Whilst I was on a roll I popped into Marksies and nabbed me a new sports bra and got a size 14 tummy and boob control swimsuit in blue tones. (My 16 just doesn't do anything for me any more as its too loose around my hips and boobs).

So a lot of shopping - but all for practical things. And this now means that I can start running again - I fit back into my Ronhill shorts and vest. I came home had had a small half meal of 100g pouting fillet (I'm all about sustainable fish - I won't eat tuna or cod regardless of what provenance it has - they are both over-fished and pouting is really tasty and asparagus - I had 50g dried weight of chickpeas cooked in Indian spices with a couple of spoons of spinach, a spoon of 0% Fage and a bit of spring onion) I got the real guilts about splitting my meals (but I don't really like drinking the milk or eating that much yoghurt so I figured a spot of white fish and a bit more green veg was how to get some calcium and iron and fat and protein), but a bit of calorie counting set my mind at rest, and I had at least 500cals of exercise today. I'm chilled about it, yeah.

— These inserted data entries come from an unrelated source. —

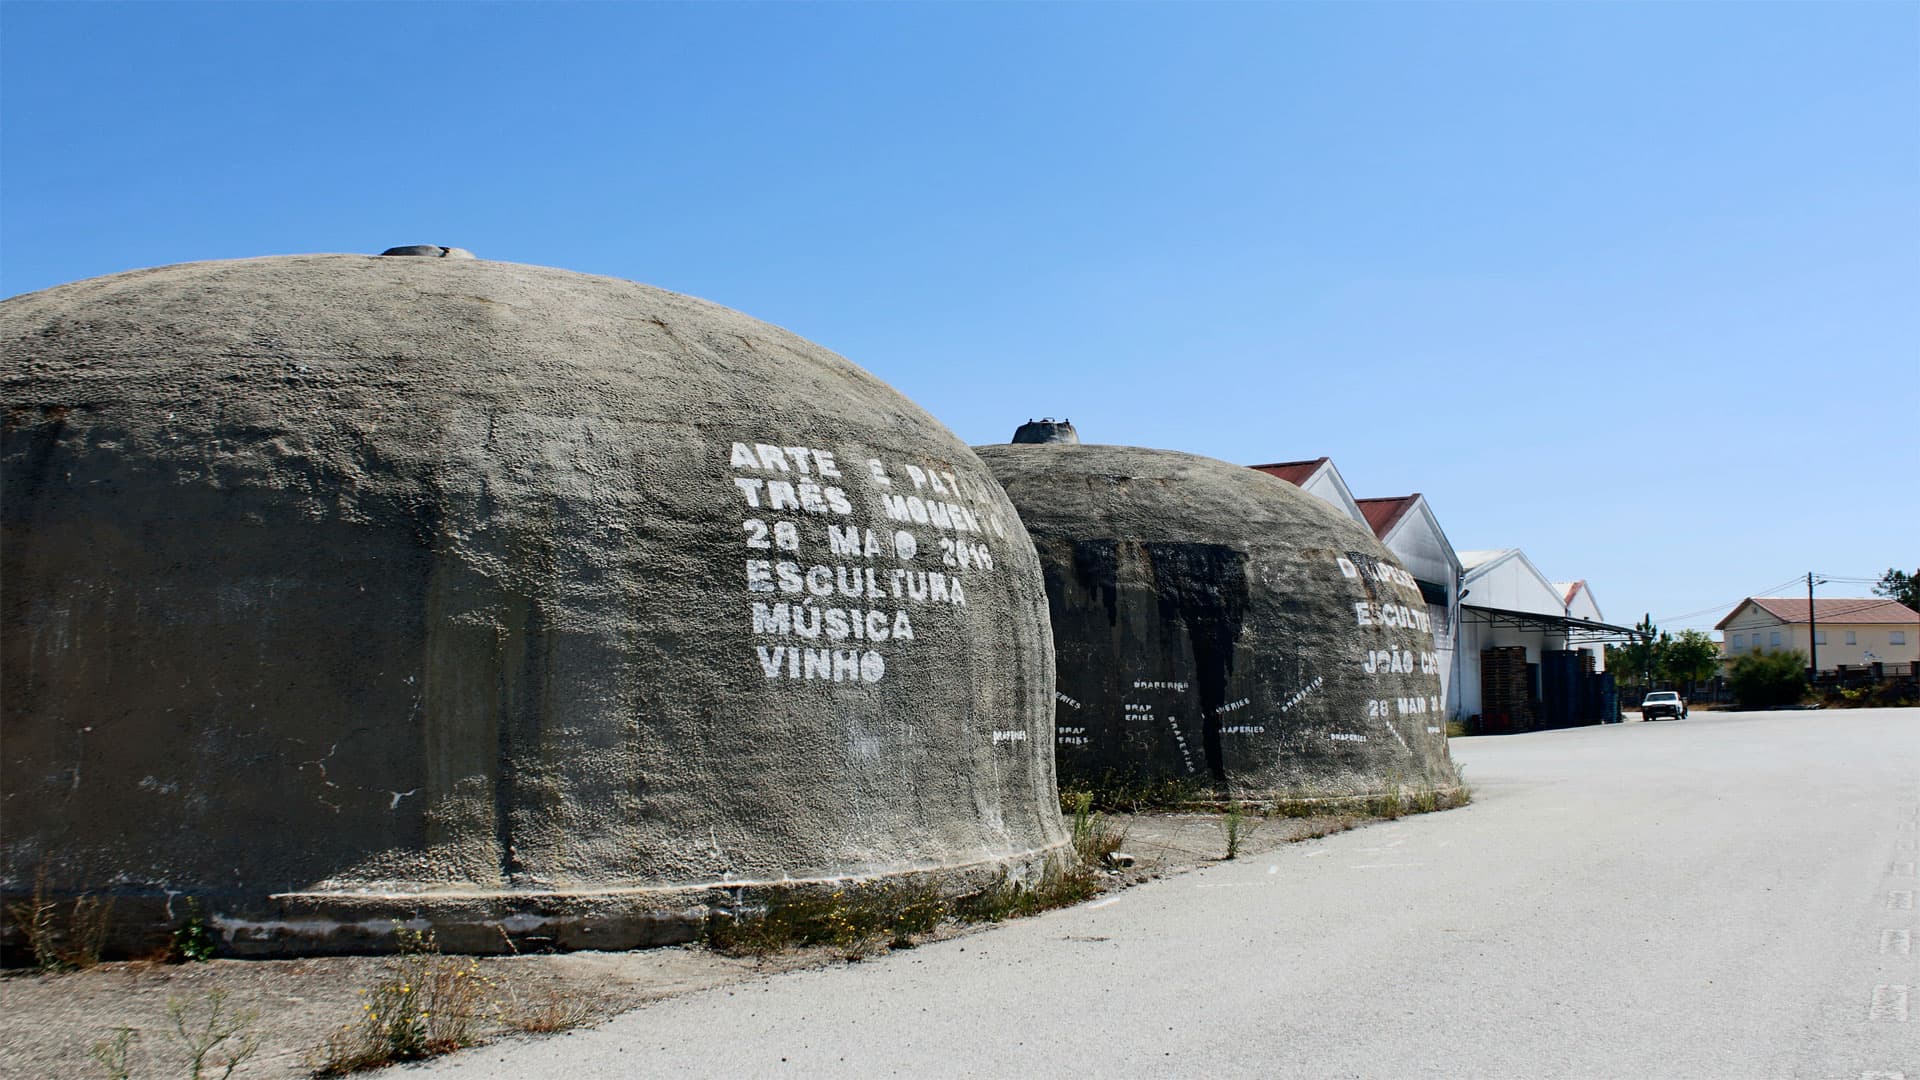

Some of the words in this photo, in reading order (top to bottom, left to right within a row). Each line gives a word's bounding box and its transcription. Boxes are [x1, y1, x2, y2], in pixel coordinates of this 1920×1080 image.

[730, 442, 841, 478] ARTE
[868, 458, 891, 485] E
[734, 477, 852, 515] TRÊS
[743, 518, 799, 550] 28
[828, 524, 917, 560] MAIO
[746, 559, 966, 607] ESCULTURA
[752, 597, 915, 642] MÚSICA
[756, 645, 886, 683] VINHO
[1364, 644, 1414, 674] JOÃO
[1055, 691, 1081, 711] ERIES
[1124, 703, 1152, 713] DRAP
[1124, 714, 1155, 722] ERIES
[1368, 699, 1389, 717] 28

Also, I went to see Stuart Lee headlining a comedy benefit - v lovely night, just drank water and chatted and laughed. A late night and my neighbourhood seems to be in party mode...lots of people still having barbecues into the night....it's been a lovely sunny day.
 
Er - my last post was censored for profanity!!! I didn't swear, honest! It said sw.anky - but now it looks like I said it was sh*tty or something! Unfair! I never swear on here I always say 'bloomin' or 'blimmin' I resent being made to look like a pottymouth! :flirt2:
 
Day 6 of Week 13 compulsory 810 Day er - 88 Day 3 of 30 Day Shred

Hiya - did my third day of The Shred - it was harder today (go figure) I suspect this is because my abs are finally stiff from being worked and it meant that my body ached as I did my jumping jacks. In effect though, once I'm through the first circuit I'm sorted until the last strength set and the blimmin' bicycle crunches. I just don't have the lower ab strength to do them properly yet. It'll come - but yeuuuuch. I did two full push ups today and then switched to modified - I can feel it coming and I'm going to have to work harder at perfecting that form as I'm going to need those muscles for all the plank work in the next levels.

Feels good though - and it is mercifully brief!

Had my bar for brekker, had a few cups of lovely assam tea (oooh it's a lovely cuppa) a few large glasses of water and I feel pleasantly wiped from exercise. Off to gently walk, swim and steam it off at the gym now. I have my new size 14 swimming cossie to try out and am quite excited :D

If I disappear from updating here, I haven't fallen off the wagon - I think I'm going to concentrating on getting my blog a bit snazzier as this bit of the journey is about getting ready for my maintainance challenge which is now only a maximum of 12 weeks away!
 
Oh and my 16s are all v baggy on me. I am a 14!